When talking about Filipino street food, I can’t go on without mentioning one of the local delicacies known as balut. I have seen balut described as “exotic” but for me, I can’t think of anything less exotic. Balut is basically a duck egg that has a semi-formed embryo inside it. The egg is boiled but in some cases, when consumed, the embryo is still moving. Uuuuugggh! I have been told that it’s meant to be an aphrodisiac. I couldn’t care less what it is but I can tell you one thing, I have never eaten one and I never will. If you were game enough to eat one, you would certainly become an exalted figure with the locals.

Some other exotic Filipino street foods include Camaro, which are field crickets cooked in soy sauce, vinegar, and sugar (which is basically cricket adobo) and Papaitan, which is a stew made with the innards of goat or cow, and flavoured with bile. Ummm, no thanks!

Psychoactive Fruit

Another one of the more “exotic” delicacies in the Philippines is moma. Although this isn’t actually a food per-se, I thought I would include it here out of interest. Moma is the local name for the areca nut, which is more commonly known as betel nut (although it is actually a berry and not a nut). My first encounter with this was in Banaue in northern Luzon. There were a number of random locals wandering around whose teeth and lips were bright red. It looked like they had been punched in the mouth.
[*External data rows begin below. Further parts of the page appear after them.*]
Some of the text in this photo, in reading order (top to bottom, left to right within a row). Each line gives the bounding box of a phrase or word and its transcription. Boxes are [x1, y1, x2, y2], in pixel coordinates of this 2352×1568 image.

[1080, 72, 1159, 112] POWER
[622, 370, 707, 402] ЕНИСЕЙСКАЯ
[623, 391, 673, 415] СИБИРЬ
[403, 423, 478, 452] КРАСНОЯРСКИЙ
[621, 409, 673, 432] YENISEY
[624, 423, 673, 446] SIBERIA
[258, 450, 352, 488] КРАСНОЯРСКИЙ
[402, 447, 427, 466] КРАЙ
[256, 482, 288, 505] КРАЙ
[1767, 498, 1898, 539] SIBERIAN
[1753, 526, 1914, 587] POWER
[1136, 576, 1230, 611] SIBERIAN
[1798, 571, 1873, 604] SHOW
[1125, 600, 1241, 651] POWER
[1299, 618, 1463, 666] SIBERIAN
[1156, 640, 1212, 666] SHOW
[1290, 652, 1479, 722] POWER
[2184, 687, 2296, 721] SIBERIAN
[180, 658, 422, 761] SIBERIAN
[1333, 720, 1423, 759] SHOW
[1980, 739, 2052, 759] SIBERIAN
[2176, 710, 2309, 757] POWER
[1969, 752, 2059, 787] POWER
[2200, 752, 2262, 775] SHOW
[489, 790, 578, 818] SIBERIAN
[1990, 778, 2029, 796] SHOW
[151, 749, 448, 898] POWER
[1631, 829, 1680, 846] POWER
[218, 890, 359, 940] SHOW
At first, I didn’t know what it was. However, after speaking to a few locals we worked out that it was moma.

Apparently one of the sensations or side effects from chewing moma is that it is meant to increase body temperature. With Banaue being at high altitude and getting quite cool at certain times of the year, this made some sense to me. However, I also found out that it can behave similarly to a psychoactive drug. So basically, everybody that was chewing this berry was walking around off their face and tripping out, while keeping warm in the process. They even have designated areas in which to spit the leftover remanence of the berry. This was really quite bizarre but I guess it keeps the waste under control.
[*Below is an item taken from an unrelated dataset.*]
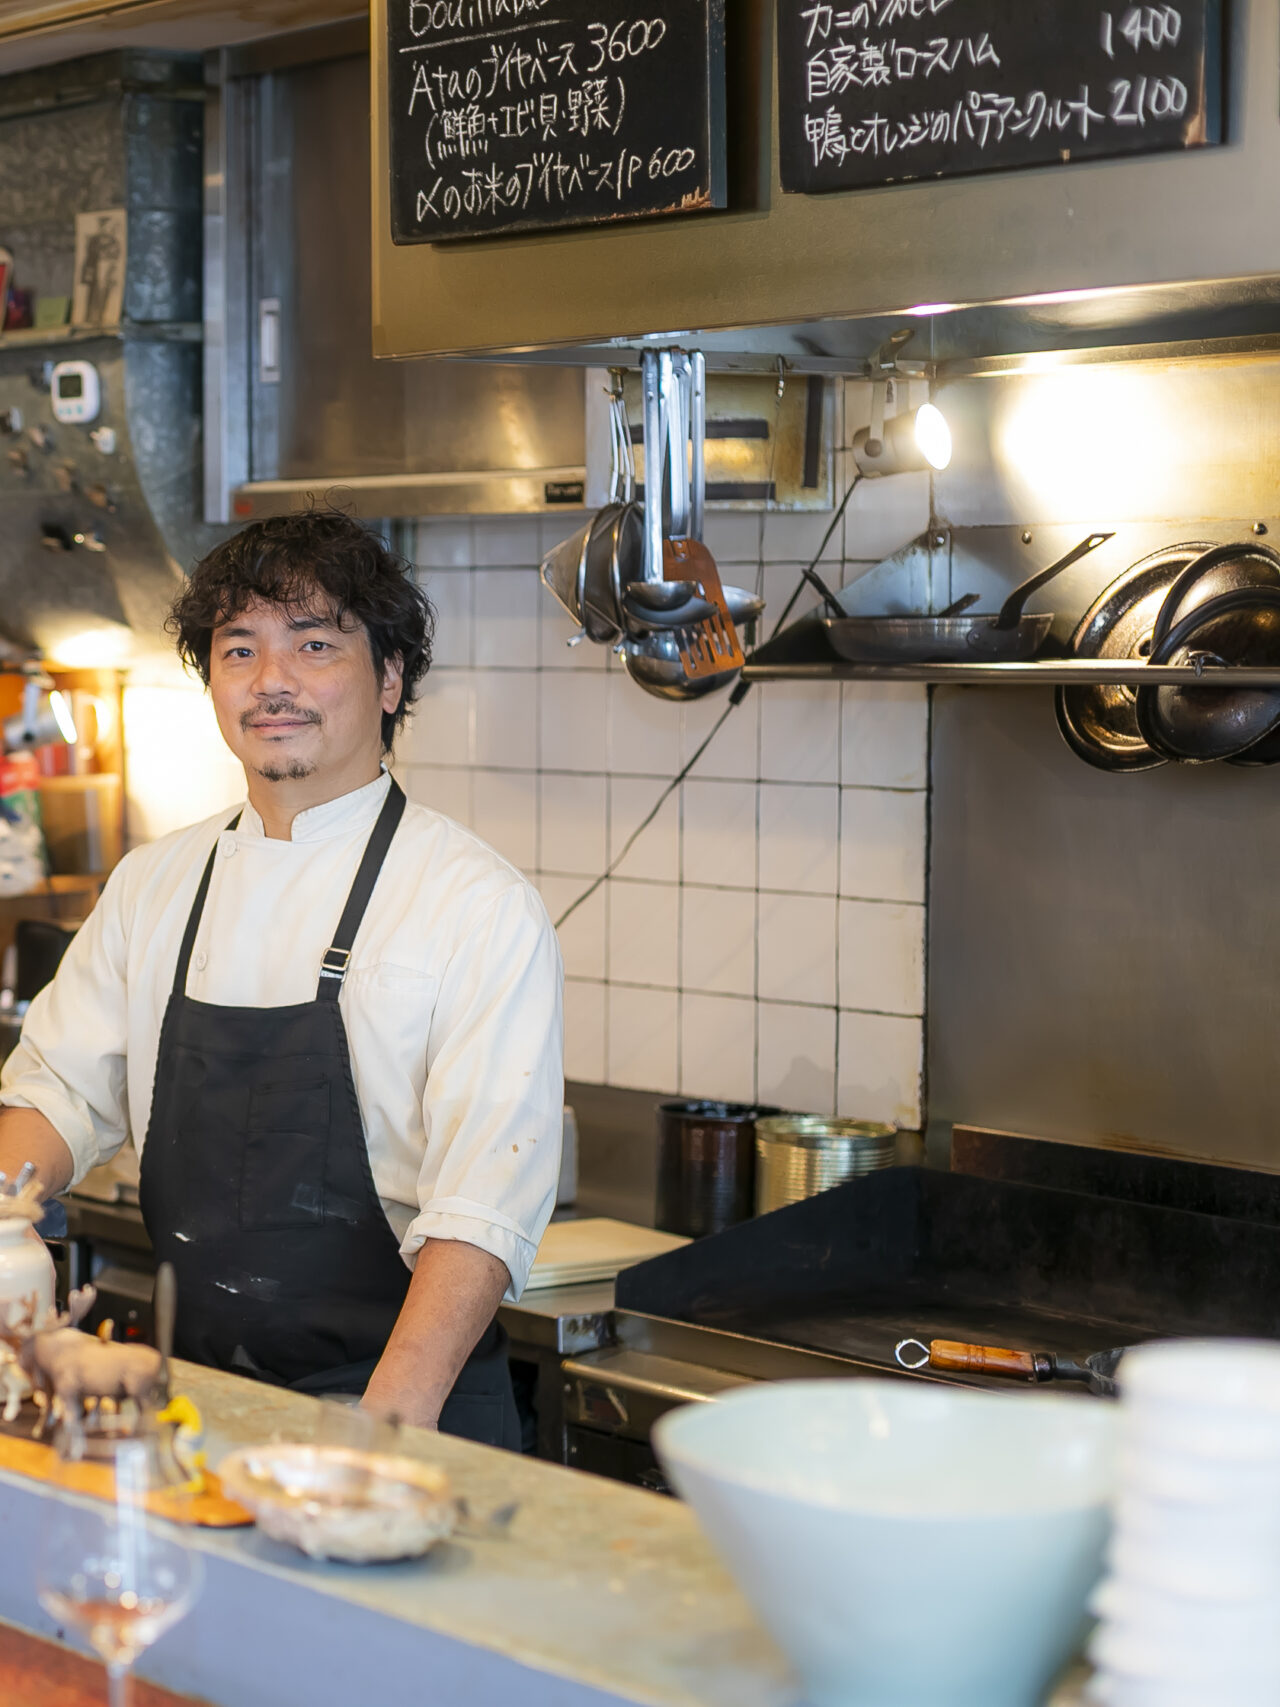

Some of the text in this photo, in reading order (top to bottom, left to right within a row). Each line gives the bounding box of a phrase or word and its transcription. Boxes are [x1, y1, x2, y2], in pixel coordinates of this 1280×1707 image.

Filipino cuisine and delicacies

I still find it bewildering that they actually have a “moma spitting area”. It is obviously a major issue in this part of the Philippines!

Food Hygiene

Just a word of warning. You need to exercise some caution when eating in provincial areas, particularly street food or food that is purchased outside of established restaurants. Sanitary conditions and food hygiene are not quite up to the standard of the more established eateries. Oftentimes, some of the carinderias (canteens), don’t have adequate refrigeration or food storage which also compounds the problem. So one needs to take this into consideration in selecting what to eat and where. If possible, it’s best to eat at food courts in shopping malls.

Halo-Halo – The Philippines Most Famous Dessert

Halo-Halo is a very popular dessert in the Philippines. It is made up of evaporated milk, coconut, boiled sweet beans, sago, tubers, fruit, gulaman (agar jelly) and yam ice cream mixed together with shaved or crushed ice. The word halo-halo itself means “mixed together”. Just like lechon, you will find this dessert at just about any Filipino celebration, big or small.

Jollibee – The Philippines Version Of McDonald’s

With the American influence in the Philippines, it is inevitable you will find hamburgers here. This starts with Jollibee. Jollibee is a fast food outlet that was started in the Philippines back in 1975. The menu is almost identical to that of McDonald’s with hamburgers, fried chicken and french fries being the main offerings. However, the main difference is that Jollibee is loaded with sugar, which is something that Filipinos love. If you wanted to have an authentic Filipino experience, then I guess there is nothing wrong with trying Jollibee. I usually don’t even eat McDonald’s but I think I have had Jollibee once or twice over the journey. And I can’t say that I’m not any worse off because of it!

Filipino cuisine and Jollibee Philippines biggest fast food chain

Jollibee is the cornerstone of Philippines fast food and a major rival of McDonald’s. It is easily the Philippines biggest fast-food chain.

Filipinos And Food

Before we move onto beverages, there is one last thing we need to discuss on the topic of food. I wasn’t sure whether or not to put this under Survival Tip #3 on culture or here, under food. So here it is.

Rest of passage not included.